We are crippled. We took her to the ER. This is the 3rd trip to the ER. I am waiting – for 22 consecutive hours – and the hospital staff are making countless calls to shelters. We’re waiting for her doctor, waiting to hear that her health has stabilized, waiting for her blood sugar to go down.
We finally got her a bed at a psychiatric unit, 50 miles away in the downtown area of Los Angeles. It was around 4am when I kissed her goodbye, and left for the return home. Part of me was anxious for separating and leaving her alone. I should know, I too was in a psychiatric unit. For me, however, it was an experiment.
Her diagnosis was more severe. Medication resistant Bi-polar with Severe depression. Although I was working during visiting hours, I would take time off. From work, I drove straight to the hospital, sometimes in traffic, sometimes not. She never asked me to visit, but I was the only one who would get there to show her I support her during these troubling times. Her mom wouldn’t visit, nor would her dad. It was ok. I was her husband, I was her lifeline.
On the second evening, during visiting hours, I was in the lobby, waiting for them to call my name. The shock of visiting someone sick in a hospital can bring about tensions so dense that the air becomes a vacuum. It felt like I was holding my breath. I didn’t notice the ringing in my ears, my mind was racing.

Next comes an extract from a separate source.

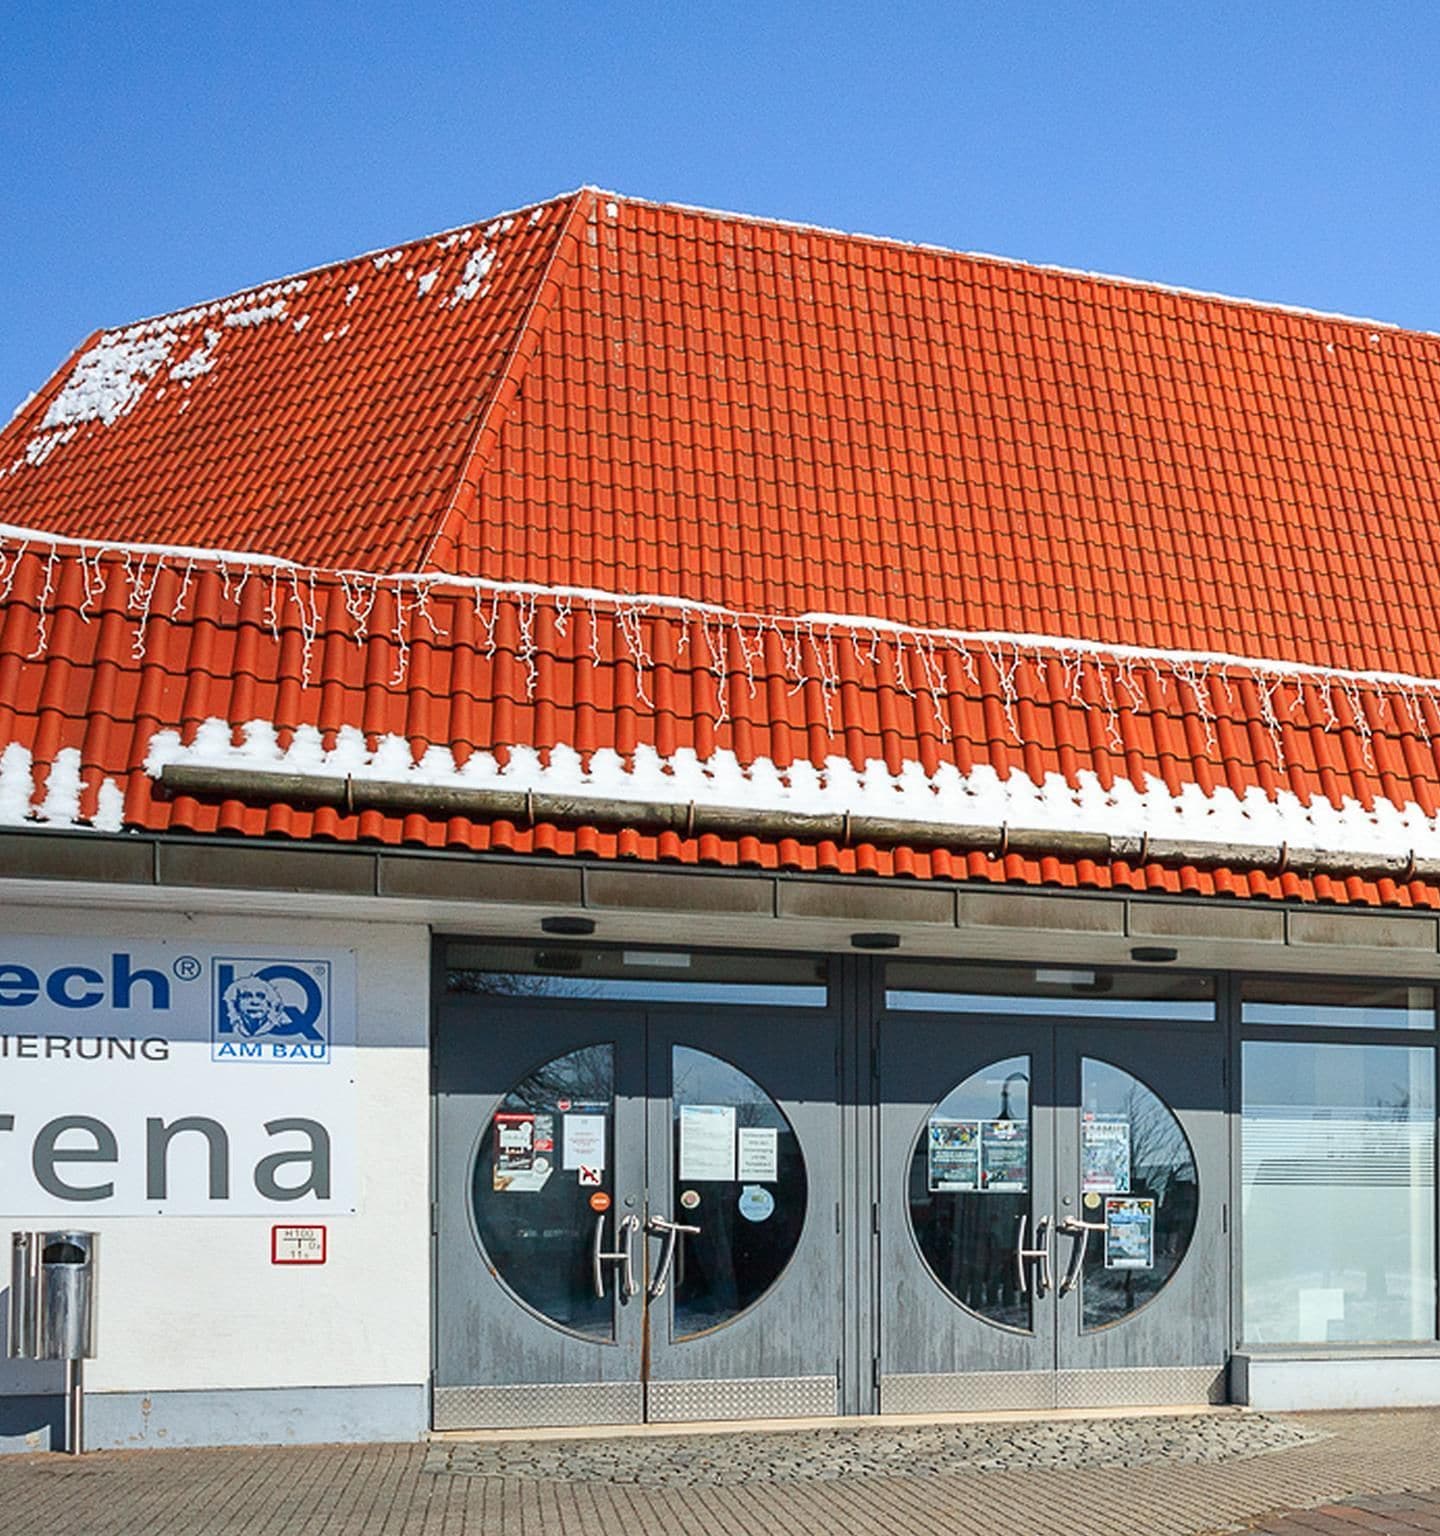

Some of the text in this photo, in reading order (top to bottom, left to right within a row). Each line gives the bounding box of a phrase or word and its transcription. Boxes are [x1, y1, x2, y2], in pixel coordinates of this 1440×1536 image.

What would happen next is nothing short of a miracle. An angel from above looked me in the eye.
“Hello,” said this guy waiting in the same room as me.

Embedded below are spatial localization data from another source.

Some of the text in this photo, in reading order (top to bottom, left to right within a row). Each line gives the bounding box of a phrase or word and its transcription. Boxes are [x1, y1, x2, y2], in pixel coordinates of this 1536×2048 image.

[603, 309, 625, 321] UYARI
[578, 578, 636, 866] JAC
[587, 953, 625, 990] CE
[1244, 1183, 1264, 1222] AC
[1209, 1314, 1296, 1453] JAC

“Hello,” I said back, apprehensively. I gave him a good look and sized him up and down. In my mind, I was convinced (whether or not he was a patient) he was crazy, the hospital was full of crazies. But my mind wasn’t very sharp at this point, I was tired.
But, he approached me because of my unique style that I carry myself. “Don’t you work at the Los Angeles prison?”
The wind swooshed in, the air was reintroduced to the voidless vacuum of a room. My life was over-filled with purpose. I felt radiant. For the first time since marriage, when I didn’t have anyone to confide in, here this guy just came into my life. He was a maintenance engineer at my work. He was an angel.
He picked ME out, recognized ME – out of 1.3 million people in the Los Angeles county and city. I just about melted and wet myself.
At that point, we didn’t have much to say. But we have a common ground, a foundation that gave me encouragement. I was lifted up, in a way that is beyond mortal comprehension. Part of my dumbfoundness, was that I never expected to see anyone. I hardly knew him when I would occasionally see him at work. It’s not like a micro business where the team is all we know. There must be at least 1000 people employed here. I wouldn’t have been able to pick him out if he sat next to me at a bar.
During our brief moments together he taught me the difference between the person I married and the disease she is suffering from. And, how I can differentiate between the two. He really eased my nerves and when we talked, we formed a bond. He isn’t anywhere I know of. I can’t find him anymore. My angel flew away only after month since we first met. I don’t know anything else about him. But the brief 4 or 5 weeks when we talked, was all I needed. Smoke and Mirrors.
Smoke and Mirrors. I wish I could find him again. I wish him and his family well.